Blogs > Cliopatria > The Empire has a Glitch

Aug 18, 2010

The Empire has a Glitch




I left one thing out of my post on Todd Purdum's emperor worship, yesterday: the main point. I got distracted by the glorious awfulness of Purdum's ponderous paragraphs, and lost track of the larger blindness that he shares with the subjects of his worshipful journalism.

Purdum argues that Washington is"broken," that procedural disfunction prevents the rational management of the nation's affairs. The presidency, he writes,"has become a job of such gargantuan size, speed, and complexity as to be all but unrecognizable to most of the previous chief executives. The sheer growth of the federal government, the paralysis of Congress, the systemic corruption brought on by lobbying, the trivialization of the 'news' by the media, the willful disregard for facts and truth -- these forces have made today's Washington a depressing and dysfunctional place. They have shaped and at times hobbled the presidency itself."

But there's some good news, Purdum adds. Despite the crushing burden on the presidency, the guy who holds the job has gotten some big things done: he secured the passage of major legislation on health care, education, and financial reform, and the administration"managed the Afghan surge" with unnoticed skill and unmistakable political discipline.

So. The presidency is becoming untenable, as a single individual sits in a chair in an office and makes decisions about so many things:

The social and political future of whole swathes of the world -- Afghanistan, Iraq, the many other places where American drones fire missiles and Special Forces operators join CIA paramilitary warriors and federal contractors in shaping the competing place of Islam and pluralist democracy in foreign societies.

The future of American education, and the nature of the relationship between teachers and students, now sharply defined by federal legislation.

The future of the global economy, now closely regulated by an American government that travels the world to push other national leaders to follow the American path to economic recovery.

And on and on and on. The president manages the world, you see, and it's becoming too much responsibility for any one person to carry. But despite all those burdens, the president has managed to centralize the management of American health care with the passage of legislation that imposes a federal mandate on everyone in the country. And he's managed to expand the American wars overseas, going all in on the American bet that it can build a better society in Afghanistan. And he's pulled the regulation of finance and industry and energy to the center, where it can be better managed.

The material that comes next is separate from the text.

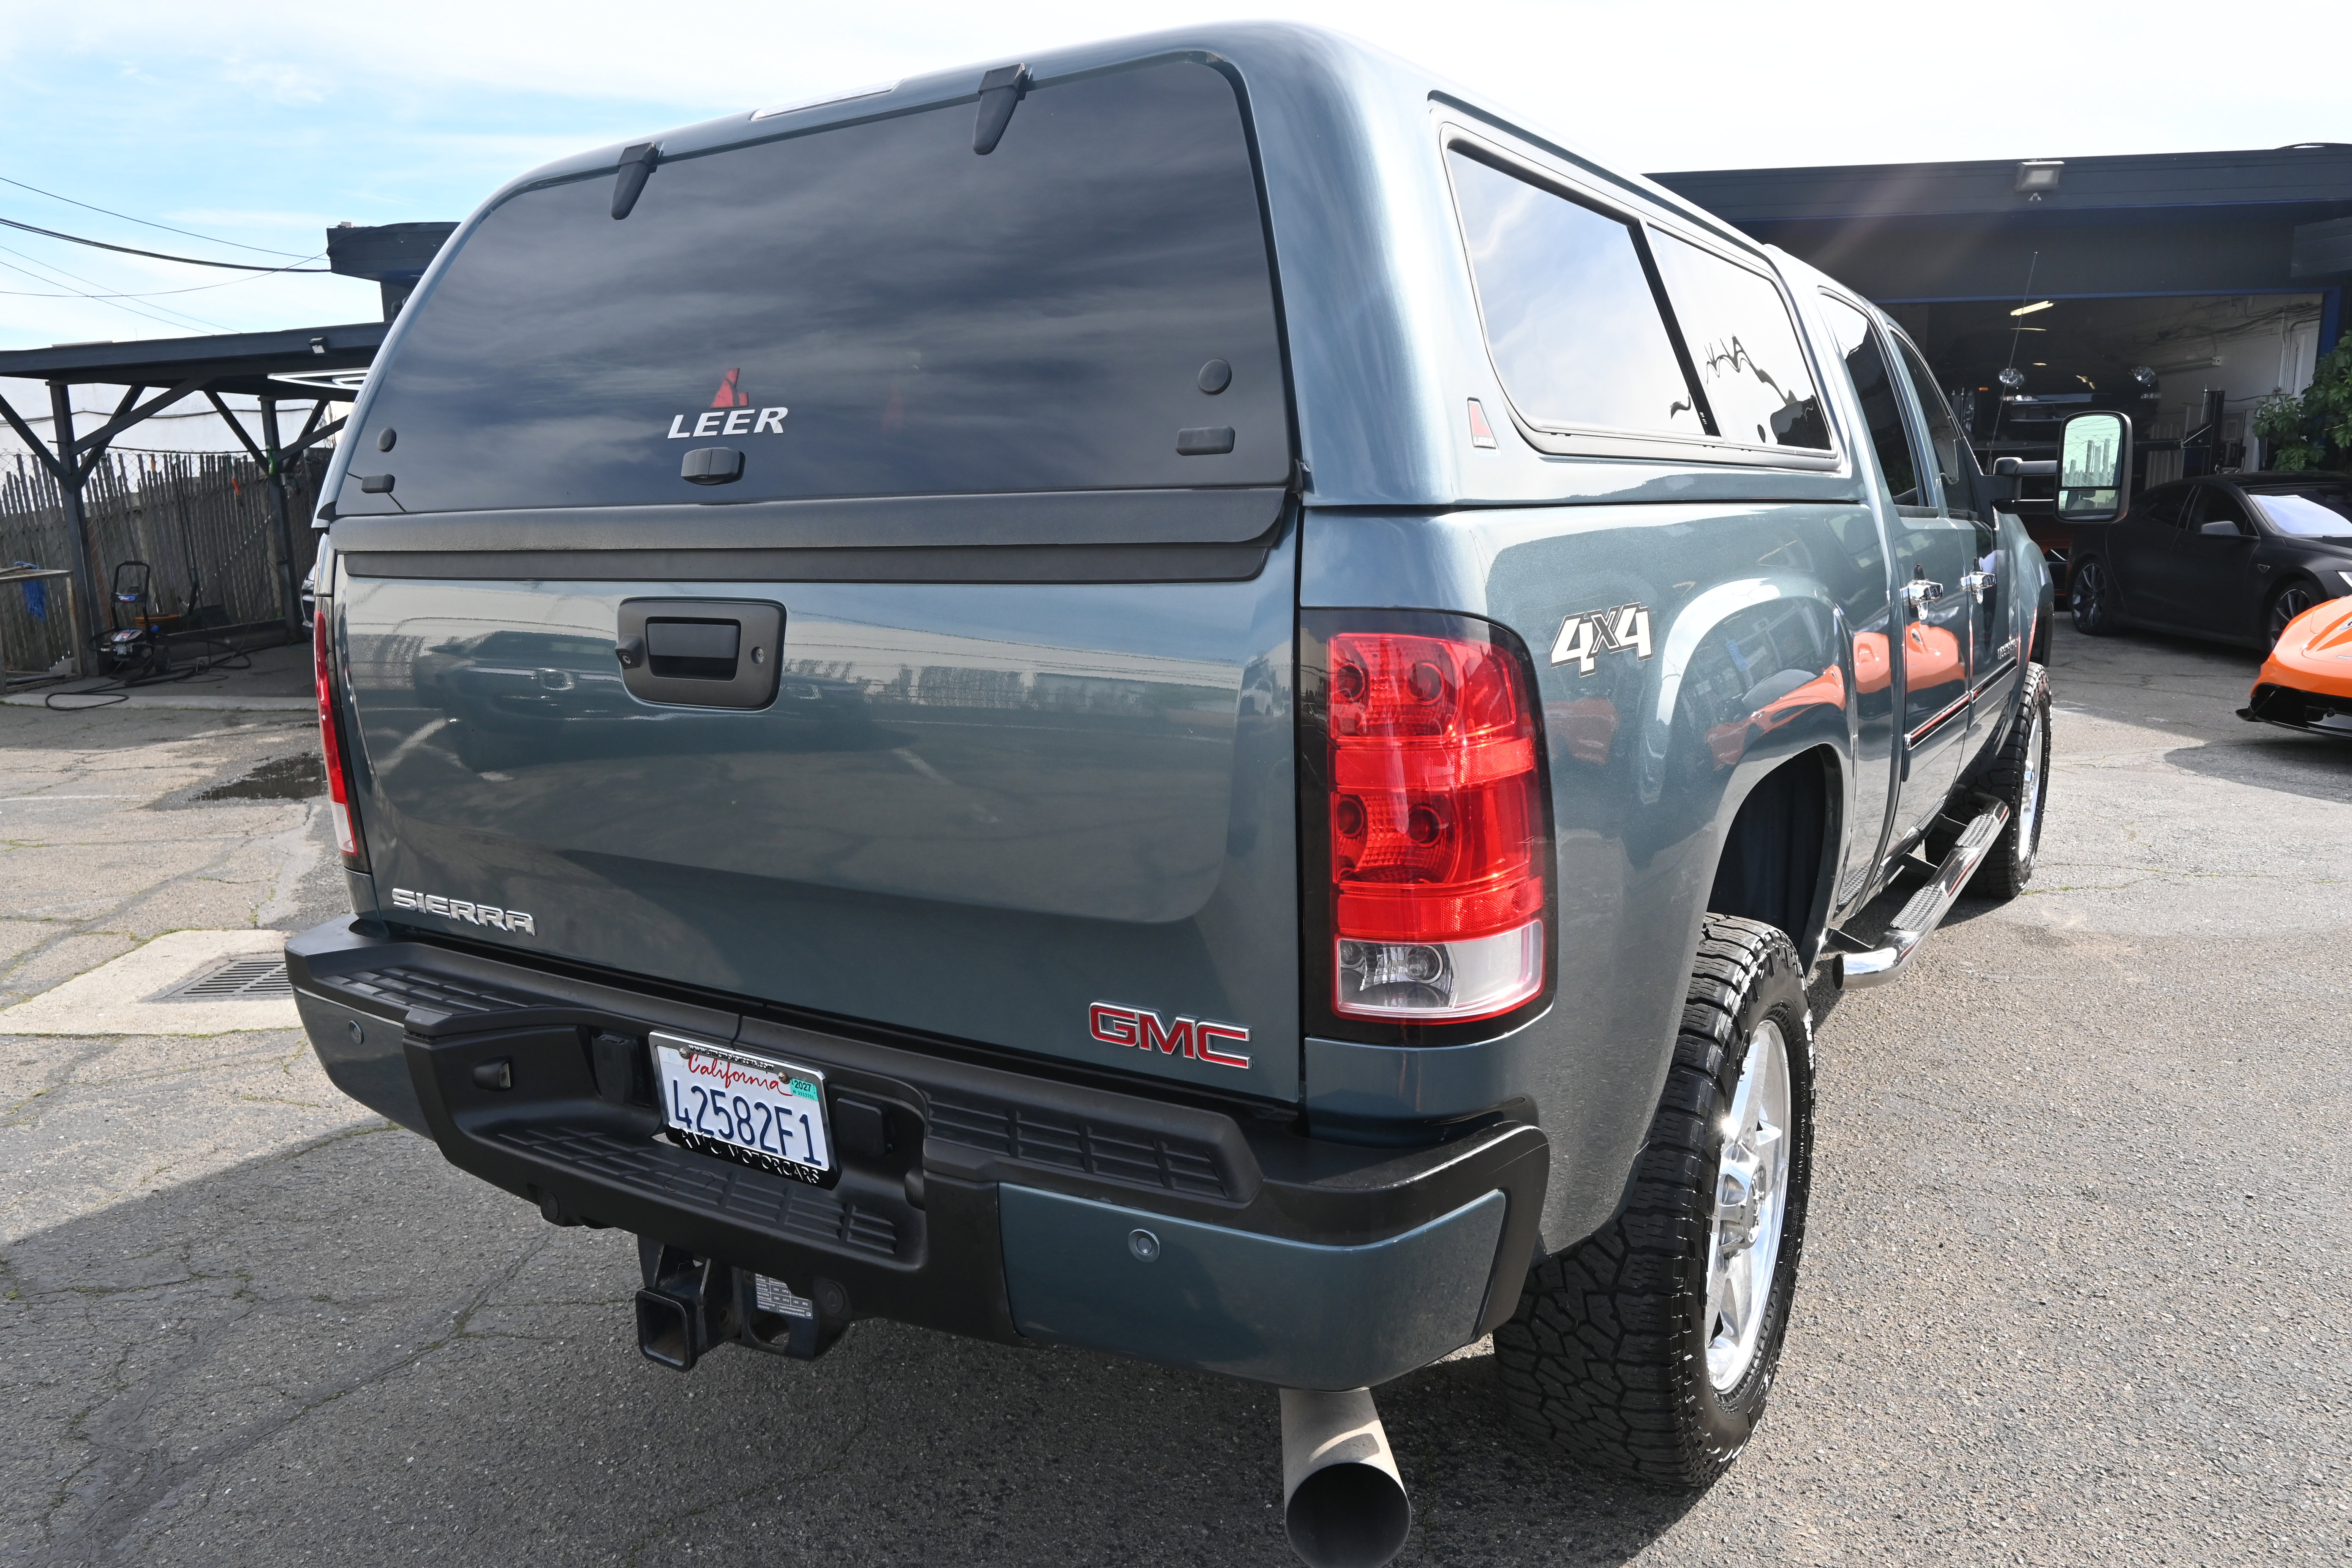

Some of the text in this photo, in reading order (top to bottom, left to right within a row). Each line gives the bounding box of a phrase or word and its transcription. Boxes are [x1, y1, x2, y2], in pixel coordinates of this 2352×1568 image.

Yes, despite the growing centralization of power and the spectacular insanity of its untenable burdens on that center, the president has successfully managed to centralize more power. Despite the debilitating effects of the disease, he's managed to cause the disease to metastasize. Success!

Meanwhile, back on earth, the solution to the"gargantuan size, speed, and complexity" of the contemporary American presidency is for Afghans to run Afghanistan, local school boards to run schools, and state legislatures to give policy direction to state insurance commissioners regarding the regulation of health insurance. The solution is to spin power out and down. The difficulty of getting the rock farther up the hill isn't a procedural error. It's gravity. And the people pushing on the rock haven't figured it out, yet.

Despite the paralyzing effects of the growth of the federal government, the president has managed to implement a universal federal health insurance mandate. Nothing strange about that argument, no sir.

This moment feelshistoricallyfamiliar, doesn't it?